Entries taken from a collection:
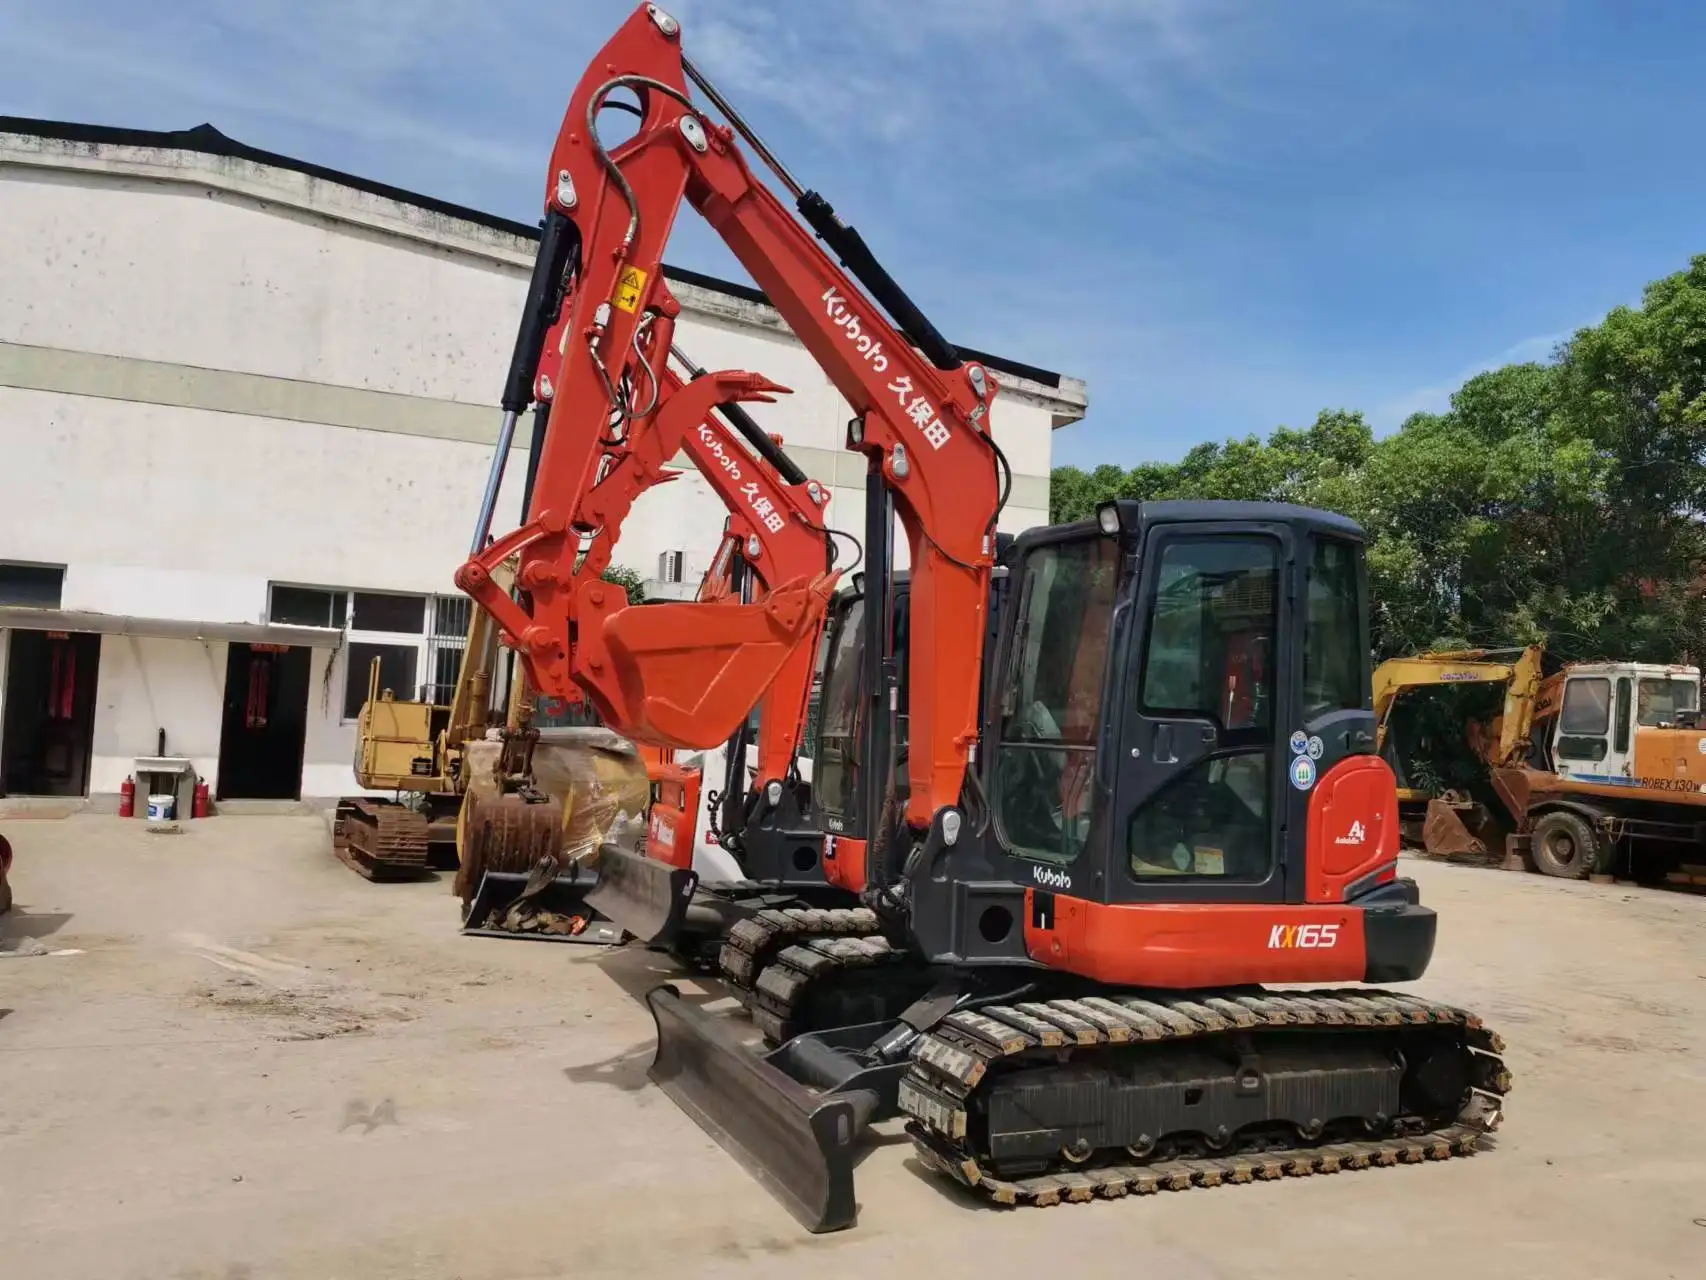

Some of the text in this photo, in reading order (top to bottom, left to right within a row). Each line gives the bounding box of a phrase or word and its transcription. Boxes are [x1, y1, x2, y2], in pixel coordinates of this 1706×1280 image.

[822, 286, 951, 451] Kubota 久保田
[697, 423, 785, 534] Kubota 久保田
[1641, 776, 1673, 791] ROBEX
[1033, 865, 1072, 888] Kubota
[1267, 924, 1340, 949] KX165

THE TASK: Your task is to return the entries above exactly, with no pictures.

SOLUTION FOR THIS TASK:
Some of the text in this photo, in reading order (top to bottom, left to right within a row). Each line gives the bounding box of a phrase or word and its transcription. Boxes are [x1, y1, x2, y2], in pixel coordinates of this 1706×1280 image.

[822, 286, 951, 451] Kubota 久保田
[697, 423, 785, 534] Kubota 久保田
[1641, 776, 1673, 791] ROBEX
[1033, 865, 1072, 888] Kubota
[1267, 924, 1340, 949] KX165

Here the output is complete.